19 Kasım 2009 Perşembe

hayata dair, kısa kısa.

- geçen gece çılgınca öksürerek uyandığımda aklımda yine saçma bir şey vardı. "arama motoru" ve "vizyon"u aynı başlık içinde kullanmıştım, müşteri temsilcim sametime'dan "yıllardır beni şımartan bir arama motoru bekliyordum" diye yorum yapmıştı.

- yeni bir iş fikrim var. anti maddeyi düşünürken aklıma geldi. oyun hamuru gibi şekilsiz bir şeyi "antin kuntin madde" olarak satmak. olmağ mı?

- iki gündür gördüğüm tüm sarışınları aynı kadın sanıyorum.

- doğum günü manyağı olduk. dün patron kutlamadan kaçtı, biz gıyabında kutladık. bugün metroda karşılaştığım biri doğmuş, akşam metroda kutlayalım dedim. sürekli plan üretiliyor, çılgınlar gibi.

- bu akşam "diğer" işverenlerimle tanışacağım. aynı cümleyi d.'e kurdum, ağzı gözü kaydı bir anda. freelance işleri unutmuş, iş değiştireceğimi böyle haber veriyorum sanmış.

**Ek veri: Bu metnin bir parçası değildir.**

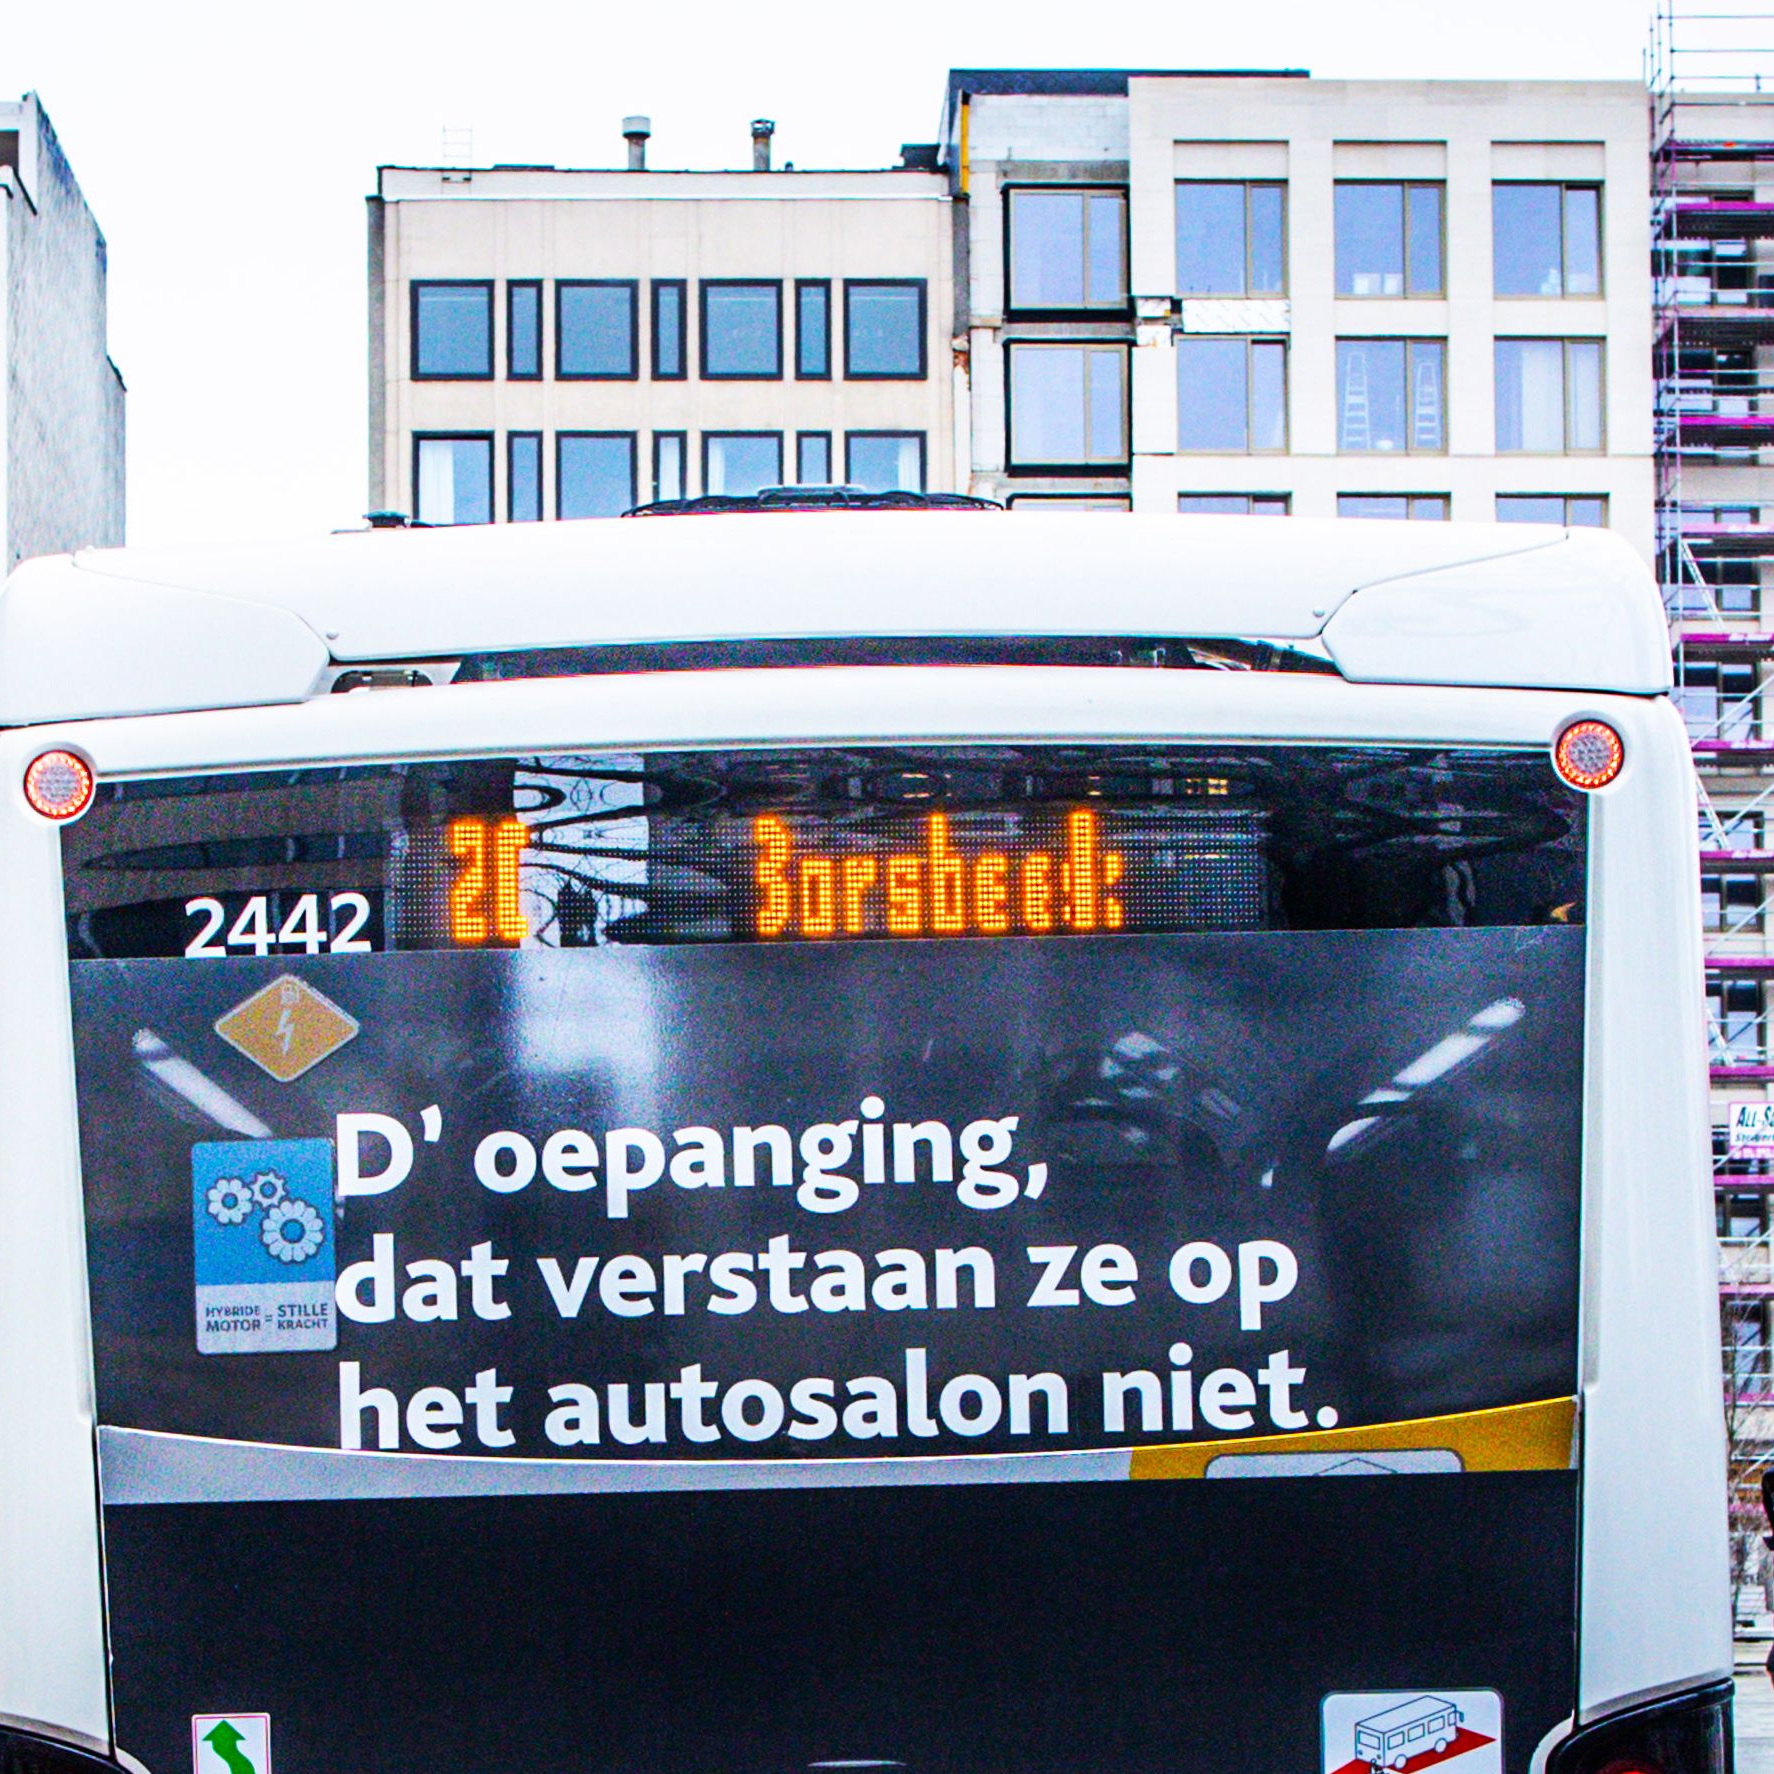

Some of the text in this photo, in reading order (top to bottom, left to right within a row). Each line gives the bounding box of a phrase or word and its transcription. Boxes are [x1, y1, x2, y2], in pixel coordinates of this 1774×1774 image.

[184, 892, 372, 958] 2442
[336, 1096, 1049, 1219] D' oepanging,
[334, 1233, 1299, 1331] dat verstaan ze op
[205, 1304, 261, 1318] HYBRIDE
[205, 1319, 261, 1333] MOTOR
[277, 1303, 329, 1317] STILLE
[277, 1318, 329, 1330] KRACHT
[339, 1342, 1339, 1450] het autosalon niet.
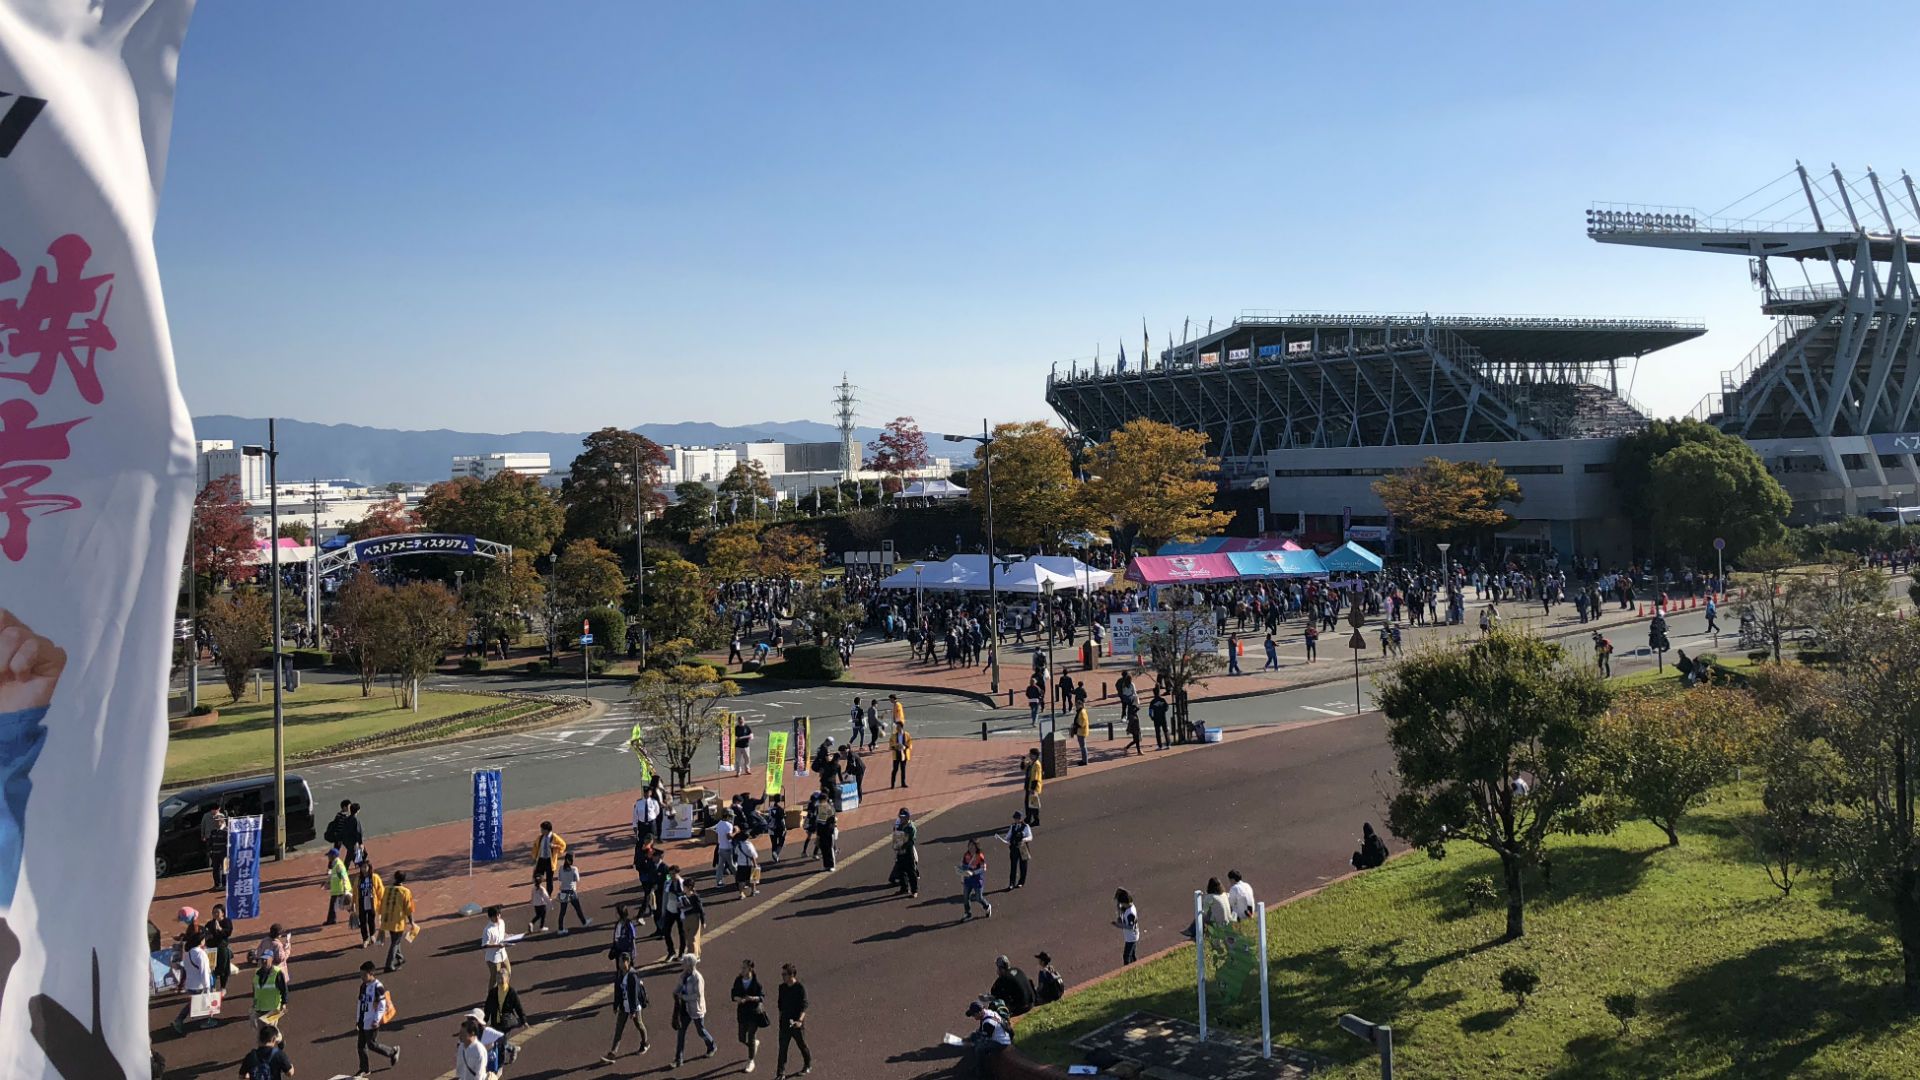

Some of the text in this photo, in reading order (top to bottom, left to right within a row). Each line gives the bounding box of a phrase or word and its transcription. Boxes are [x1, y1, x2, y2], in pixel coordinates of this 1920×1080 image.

- bu aralar daha genç görünüyorum sanırım. son bir hafta içinde iki kez "okuyor musun" sorusuna maruz kaldım. veri nays.

- müşterilerimizin hepsini çok seviyoruz. özellikle aptal olduklarının farkına varmadıklarında. normalde insanlara aptal demem bu arada, sadece iq 100 civarında dolaşınca böyle tanımlıyorum.

- yaklaşık bir haftadır pek çok durumda e.'in "nihayetinde hepimiz hala kaka yapıyoruz" sözü geliyor aklıma, sakinleşiyorum.

- güzel veya faydalı bir şeyler yazdığımı söylemiyorum, hatta büyük büyük konuşamıyorum da yazdıklarım hakkında. ama "boktan" ve "mikindirik" demekten en ufak bir beis duymadığım blogların nasıl yüzlerce izleyicisi oluyor, inanın anlamıyorum.